Everywhere you look, local food is a hot topic. Community gardens provide healthy food and a place for neighbors to meet. Popular restaurants, like the Wise Acre in Minneapolis, Minnesota, feature food sourced from a farm just 50 miles (80 km) away. Farmers markets are everywhere, and food carts are a mobile option for budding restauranteurs to demonstrate their talent. The popularity of food and its source is driving real estate development in not-so-subtle ways.
Chris Meany, a partner at Wilson Meany Sullivan LLC, helped develop the Ferry Building in San Francisco. Today, the Ferry Building is one of the five most visited places in San Francisco. Retailers there boast sales of $1,250 per square foot ($13,440 per sq m). Furthermore, the days the farmers market is held are the days the indoor retailers do their best business. Meany credits this success to the uniqueness and local flair of the food vendors in the Ferry Building. They are one-of-a-kind and often with local sourcing, and thus very popular.
Wilson Meany Sullivan is also on the team to redevelop Treasure Island. As part of that plan, 20 of the 200 acres (8.1 of the 81 ha) of open space/parkland will be dedicated to agriculture, in partnership with local farmers who will help grow greens for the residents of the island.
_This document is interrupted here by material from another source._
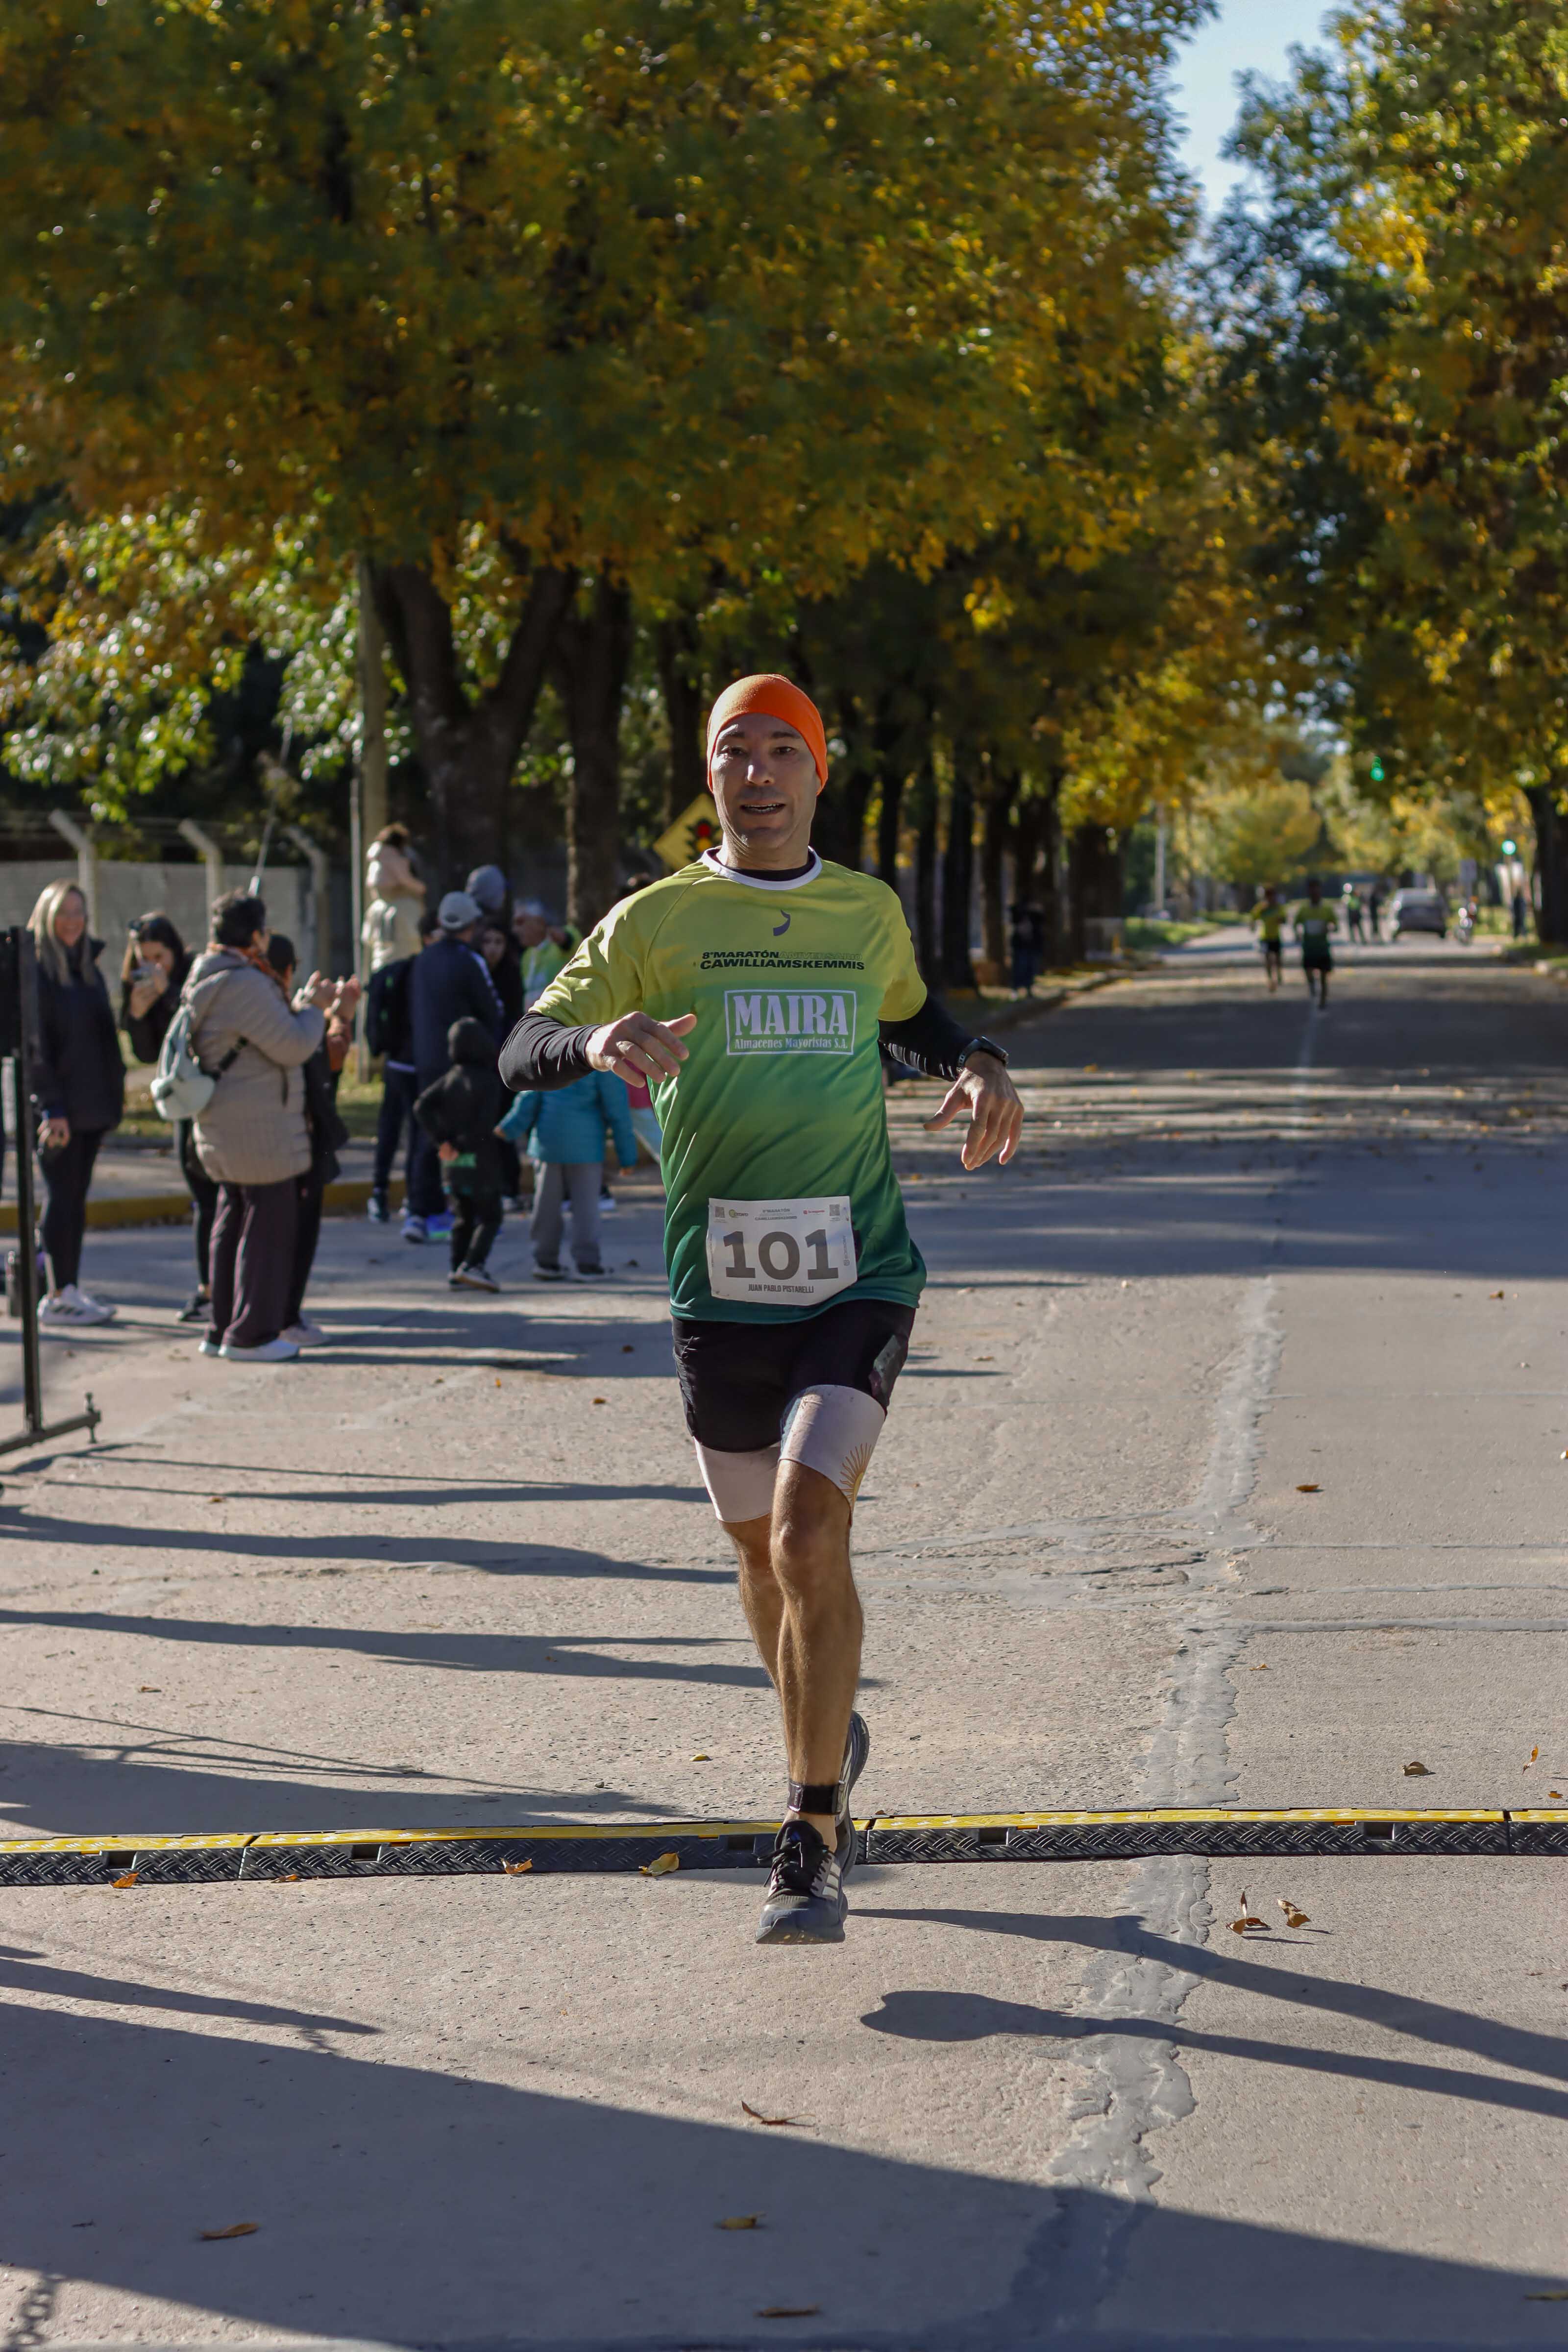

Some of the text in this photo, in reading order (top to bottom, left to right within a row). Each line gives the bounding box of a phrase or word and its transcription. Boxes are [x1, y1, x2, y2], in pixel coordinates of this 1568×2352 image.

[733, 995, 849, 1035] MAIRA
[735, 1037, 848, 1049] Almacenes Mayoristas S.A.
[723, 1229, 838, 1280] 101
On the Hawaiian island of Kauai, DMB Associates has developed Kukui’ula, a resort community with a twist. Although it has many of the things on the list of resort community amenities, including a golf course, spa, club, and mixed-use village, Kukui’ula offers a farm. Brent Harrington, senior vice president of DMB, explained that as a developer they realized potential buyers were interested in their health, and providing local food could accomplish this. Residents are free to gather and pick fruits, vegetables, herbs, and tropical flowers. In addition, they offer farm-to-table dinners, and a weekly culinary market and farmers market in the mixed-use village. It has been a rousing success, and, like the Ferry Building, the day of the farmers market is the highest-revenue day for retailers in the mixed-use village.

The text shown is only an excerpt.